# [Work required]
Without changing a word, repeat the data, and include no pictures.

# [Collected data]

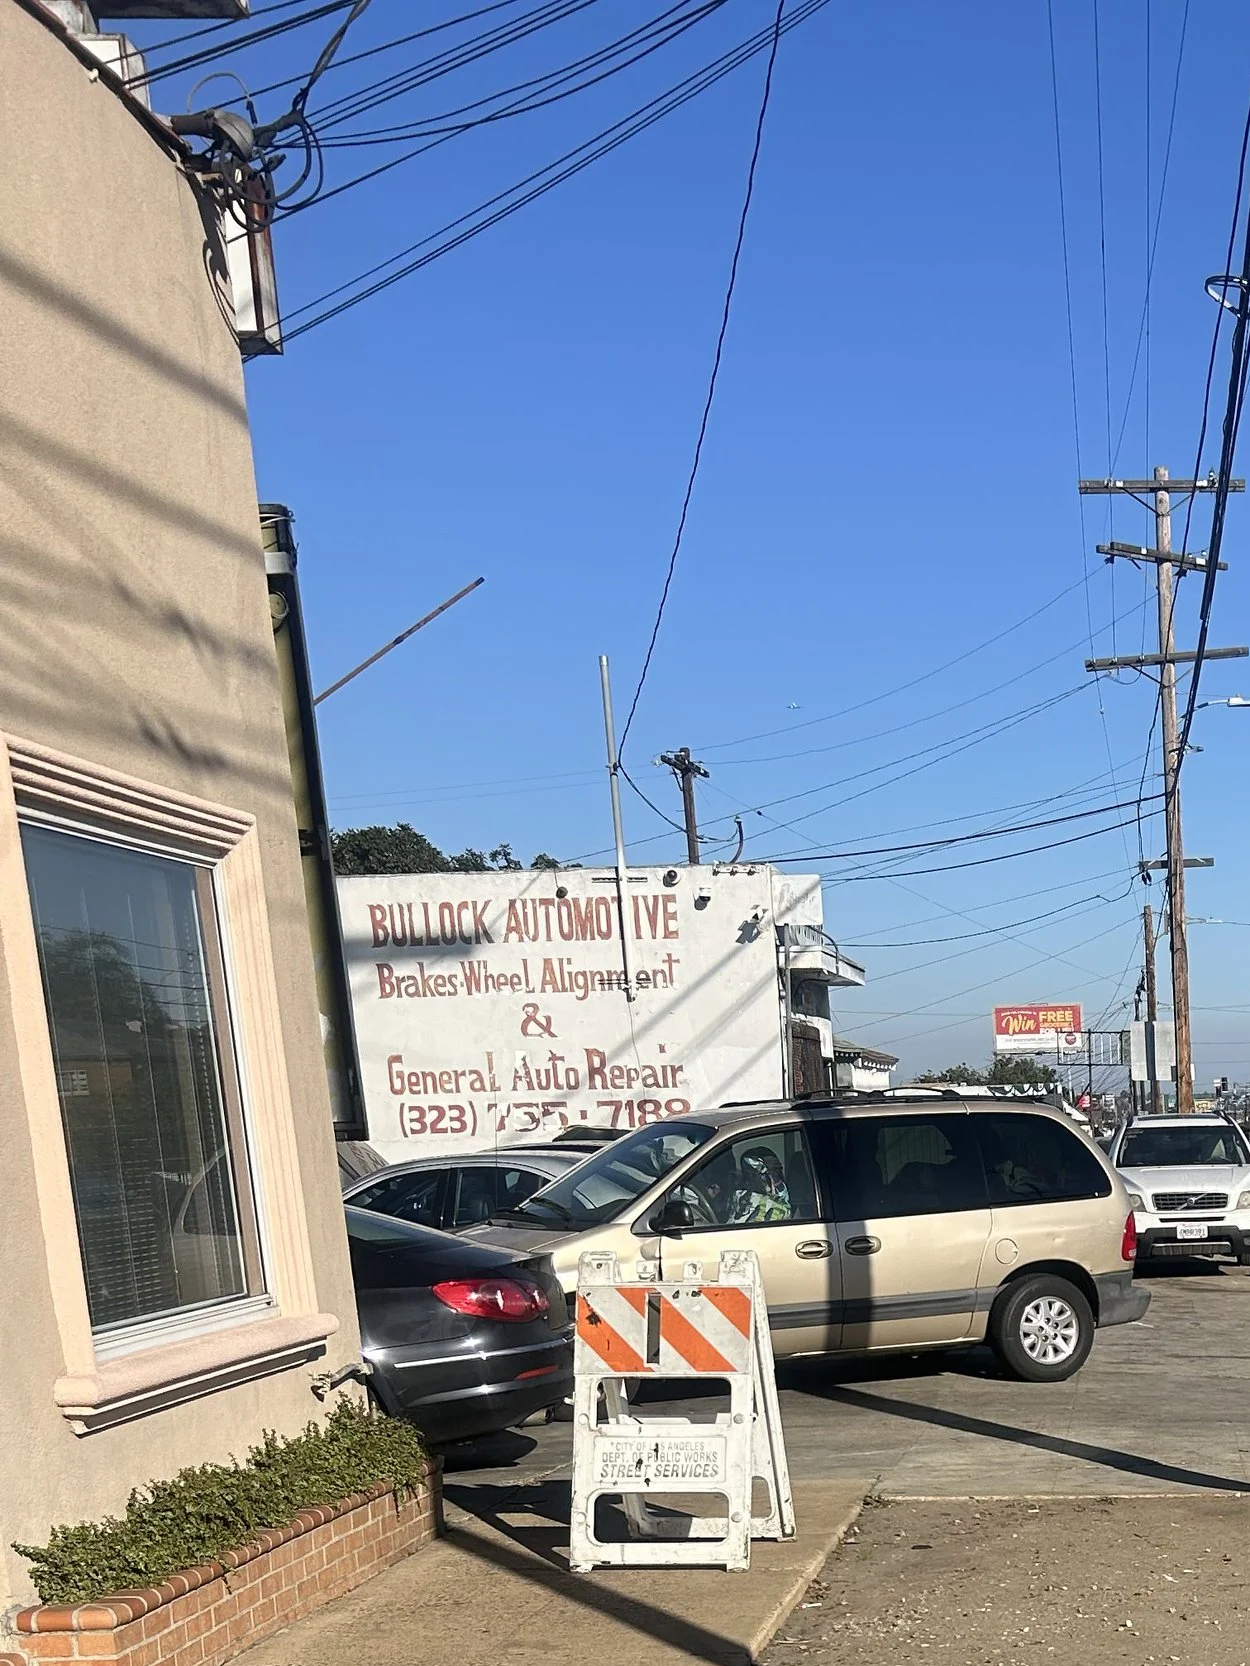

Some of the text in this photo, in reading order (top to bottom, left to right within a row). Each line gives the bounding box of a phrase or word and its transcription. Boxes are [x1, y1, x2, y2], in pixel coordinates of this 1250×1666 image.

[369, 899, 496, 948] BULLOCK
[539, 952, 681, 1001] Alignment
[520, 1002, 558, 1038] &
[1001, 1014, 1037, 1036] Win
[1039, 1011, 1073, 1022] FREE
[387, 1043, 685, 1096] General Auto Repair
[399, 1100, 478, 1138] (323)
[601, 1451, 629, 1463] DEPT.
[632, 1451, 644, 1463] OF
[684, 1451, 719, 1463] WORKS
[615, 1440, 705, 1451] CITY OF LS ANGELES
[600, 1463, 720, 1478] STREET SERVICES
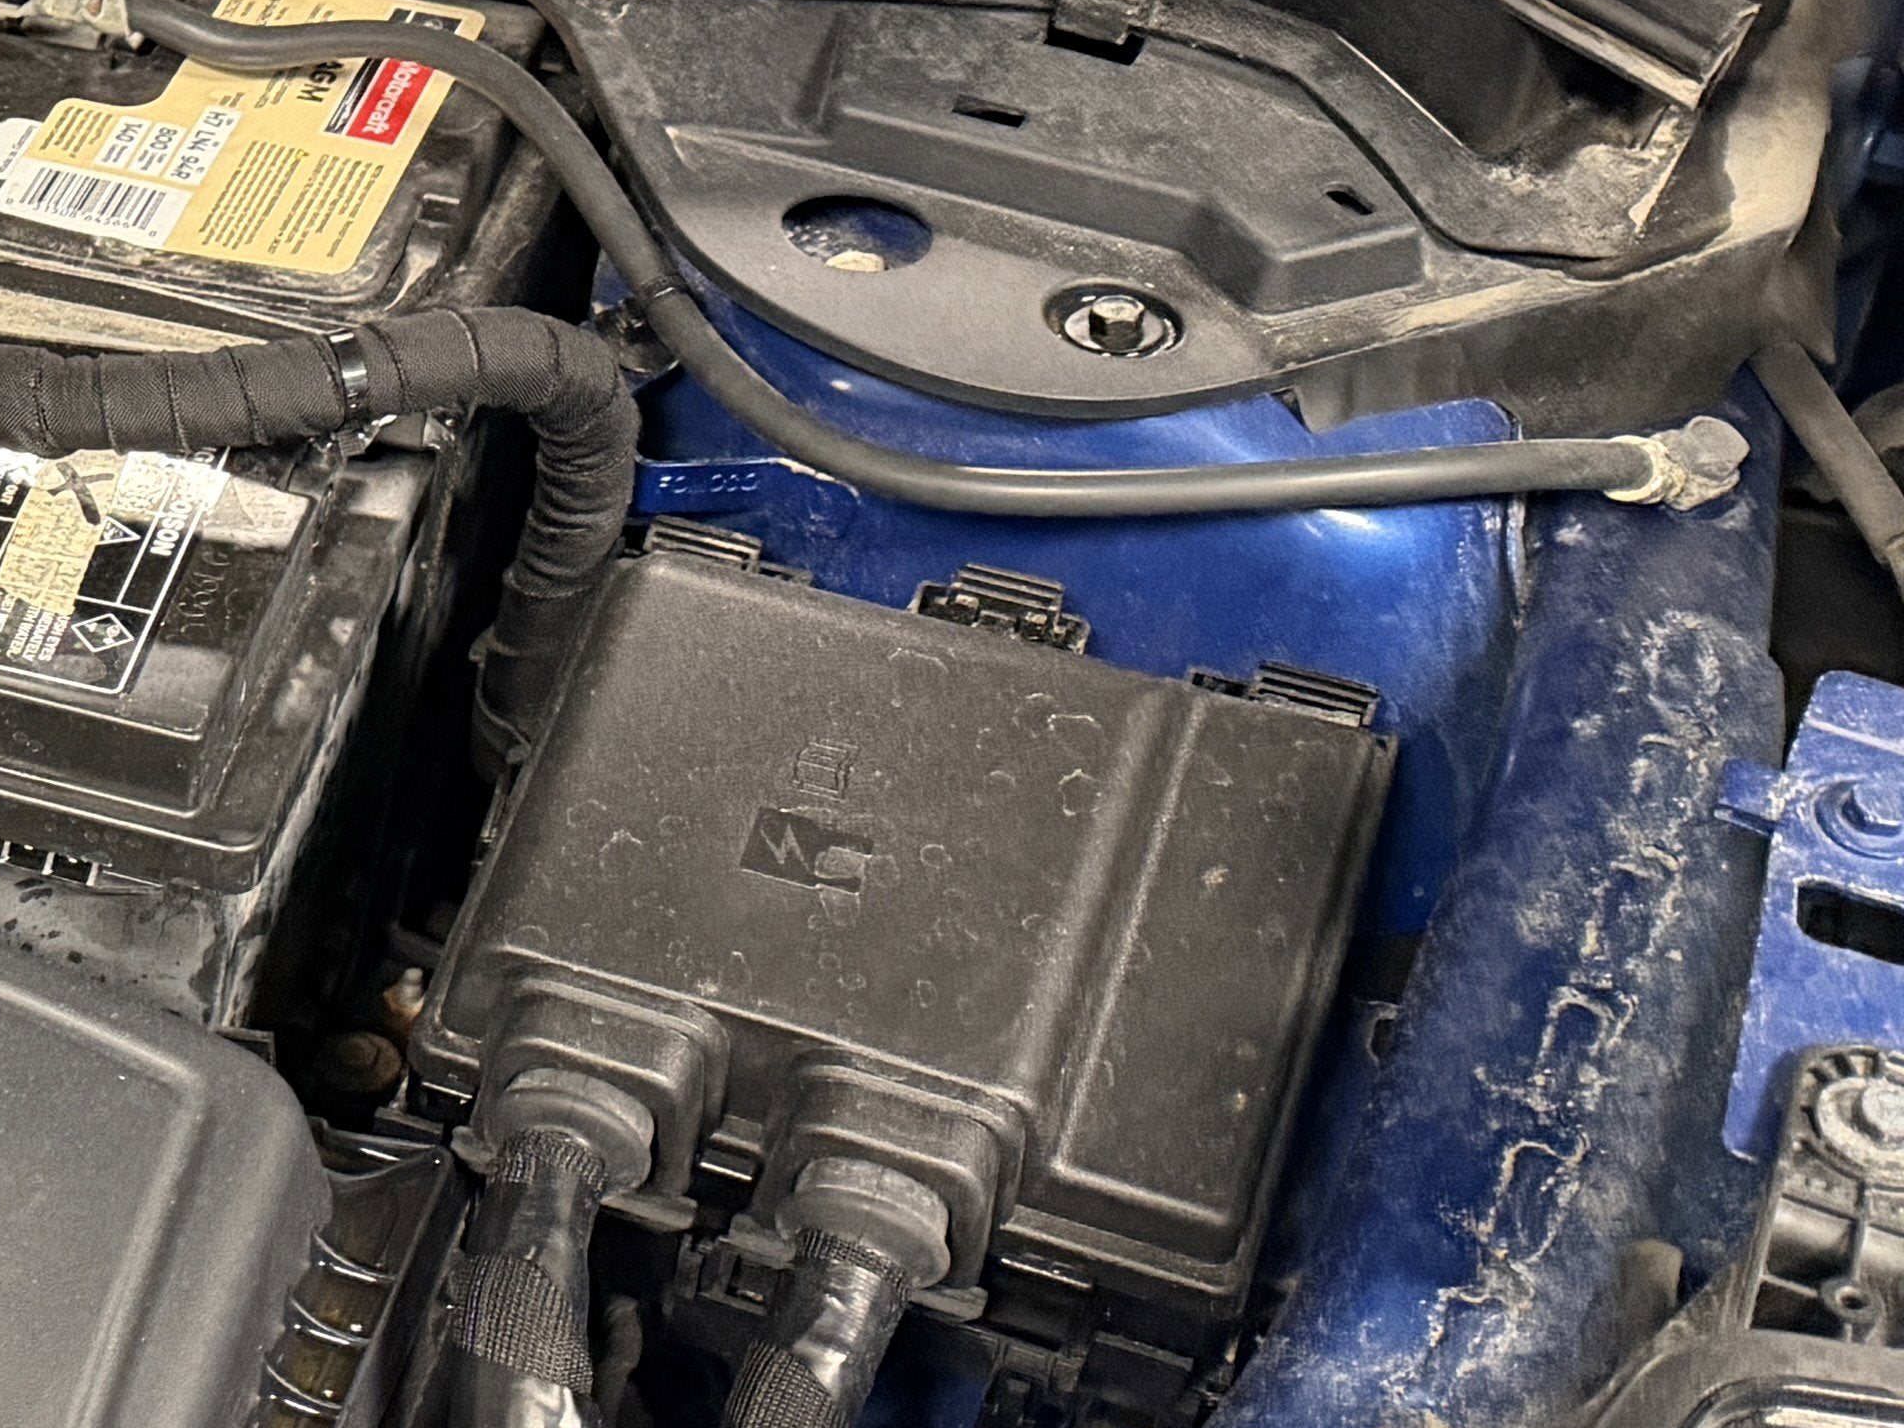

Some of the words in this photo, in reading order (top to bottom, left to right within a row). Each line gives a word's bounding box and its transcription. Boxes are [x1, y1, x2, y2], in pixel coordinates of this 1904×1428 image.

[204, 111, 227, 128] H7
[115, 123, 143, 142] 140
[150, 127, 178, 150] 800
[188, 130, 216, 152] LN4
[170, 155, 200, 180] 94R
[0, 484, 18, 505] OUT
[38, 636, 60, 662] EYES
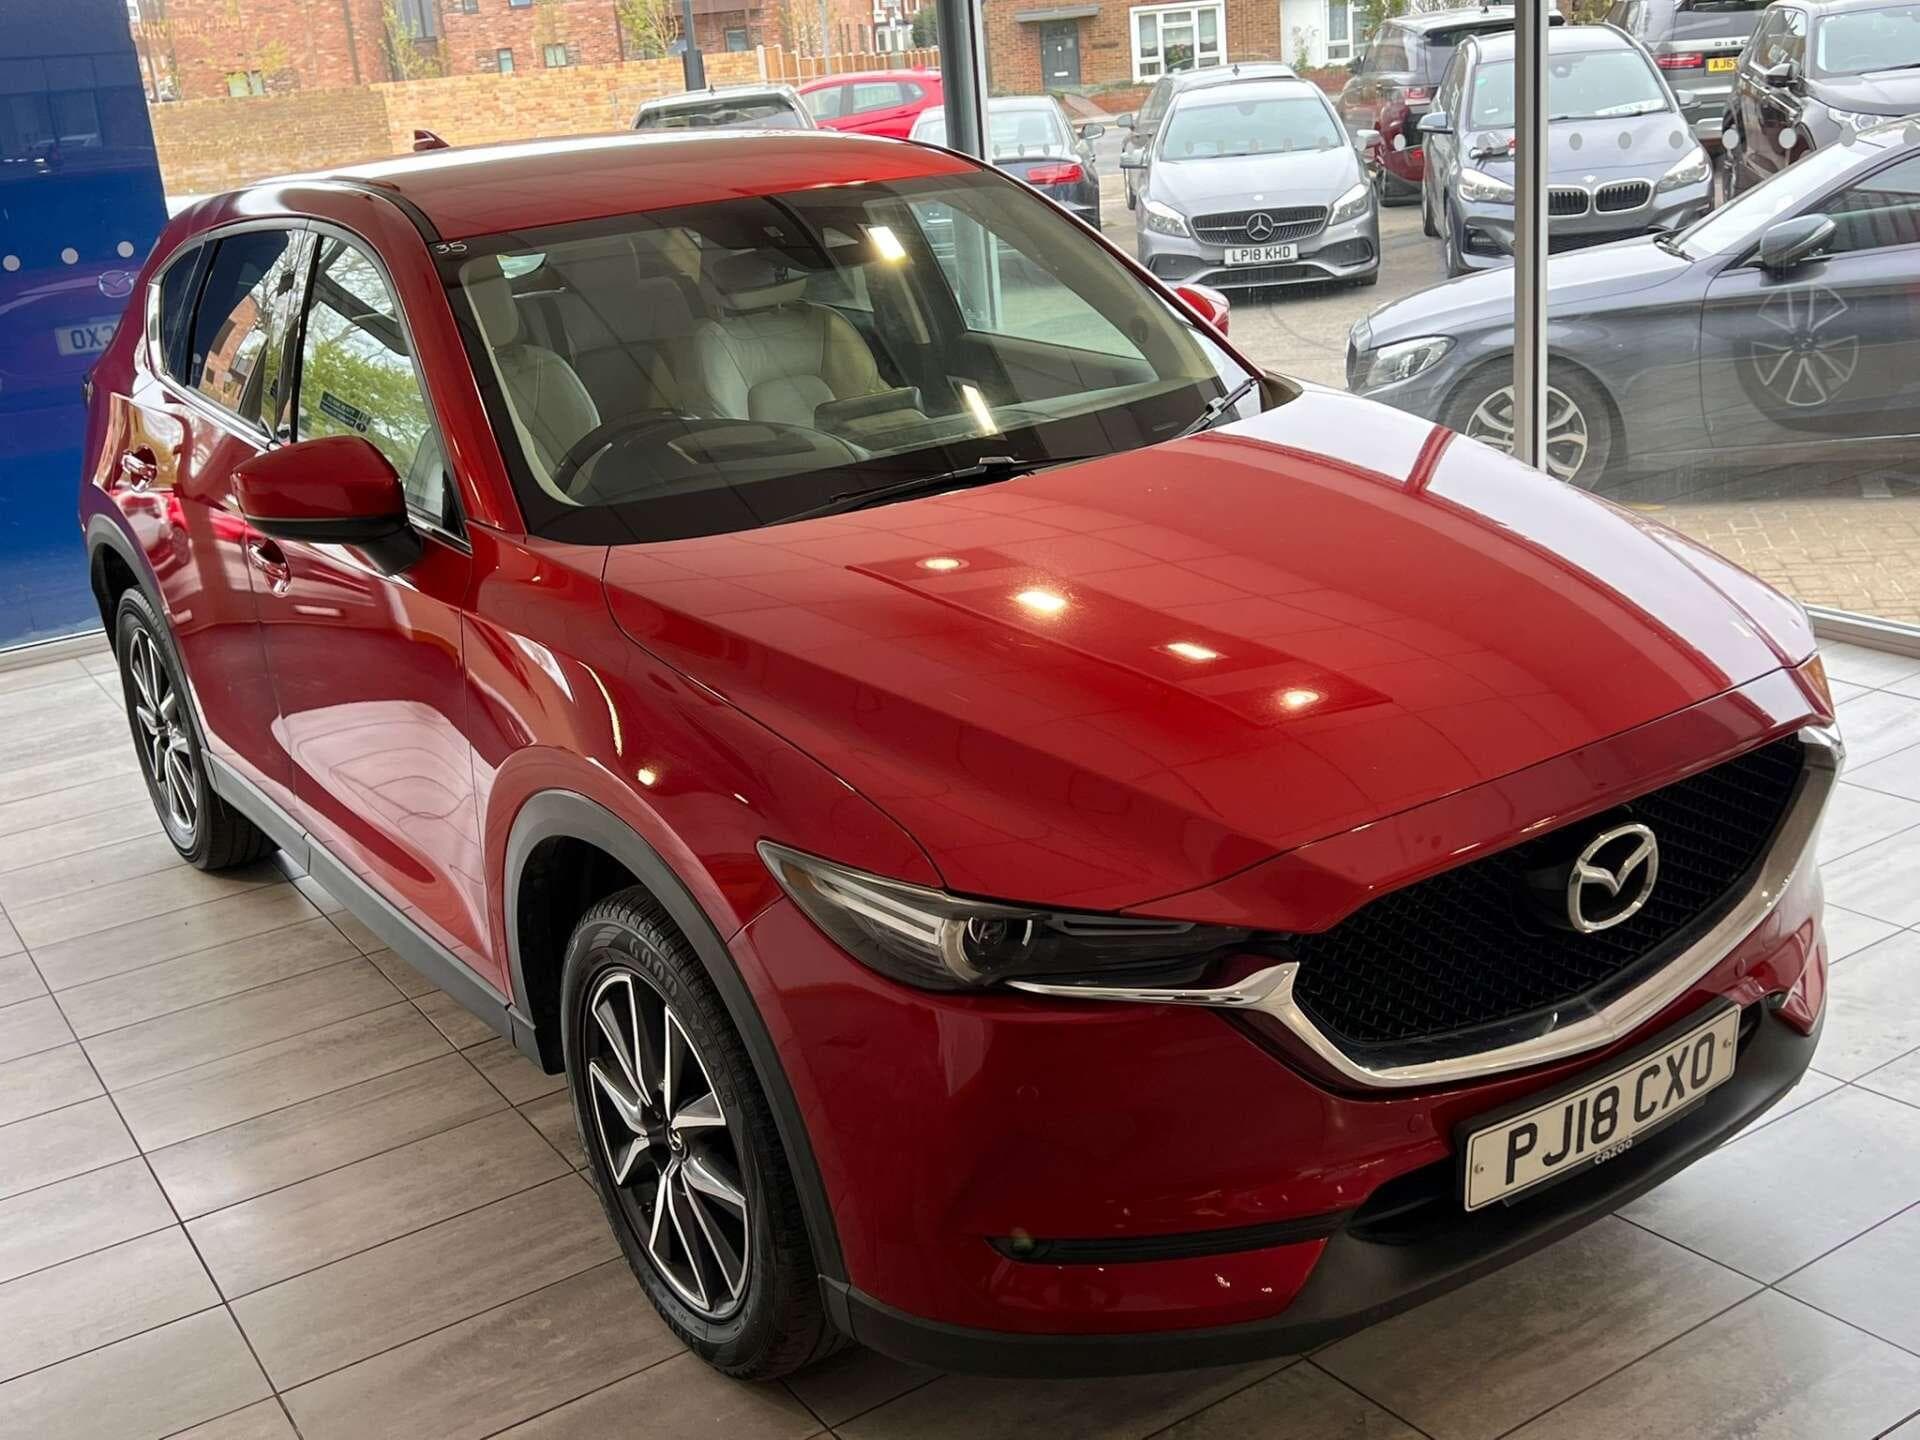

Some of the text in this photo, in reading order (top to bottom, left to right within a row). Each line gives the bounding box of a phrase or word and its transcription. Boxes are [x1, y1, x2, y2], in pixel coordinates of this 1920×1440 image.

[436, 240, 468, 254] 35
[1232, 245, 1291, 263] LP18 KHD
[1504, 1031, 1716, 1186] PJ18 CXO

# [Answer section]
Some of the text in this photo, in reading order (top to bottom, left to right within a row). Each line gives the bounding box of a phrase or word and its transcription. Boxes are [x1, y1, x2, y2], in pixel coordinates of this 1250×1666 image.

[369, 899, 496, 948] BULLOCK
[539, 952, 681, 1001] Alignment
[520, 1002, 558, 1038] &
[1001, 1014, 1037, 1036] Win
[1039, 1011, 1073, 1022] FREE
[387, 1043, 685, 1096] General Auto Repair
[399, 1100, 478, 1138] (323)
[601, 1451, 629, 1463] DEPT.
[632, 1451, 644, 1463] OF
[684, 1451, 719, 1463] WORKS
[615, 1440, 705, 1451] CITY OF LS ANGELES
[600, 1463, 720, 1478] STREET SERVICES

Some of the words in this photo, in reading order (top to bottom, left to right within a row). Each line gives a word's bounding box and its transcription. Boxes are [x1, y1, x2, y2], in pixel coordinates of this 1904×1428 image.

[204, 111, 227, 128] H7
[115, 123, 143, 142] 140
[150, 127, 178, 150] 800
[188, 130, 216, 152] LN4
[170, 155, 200, 180] 94R
[0, 484, 18, 505] OUT
[38, 636, 60, 662] EYES

Some of the text in this photo, in reading order (top to bottom, left to right within a row). Each line gives the bounding box of a phrase or word and its transcription. Boxes are [x1, y1, x2, y2], in pixel coordinates of this 1920×1440 image.

[436, 240, 468, 254] 35
[1232, 245, 1291, 263] LP18 KHD
[1504, 1031, 1716, 1186] PJ18 CXO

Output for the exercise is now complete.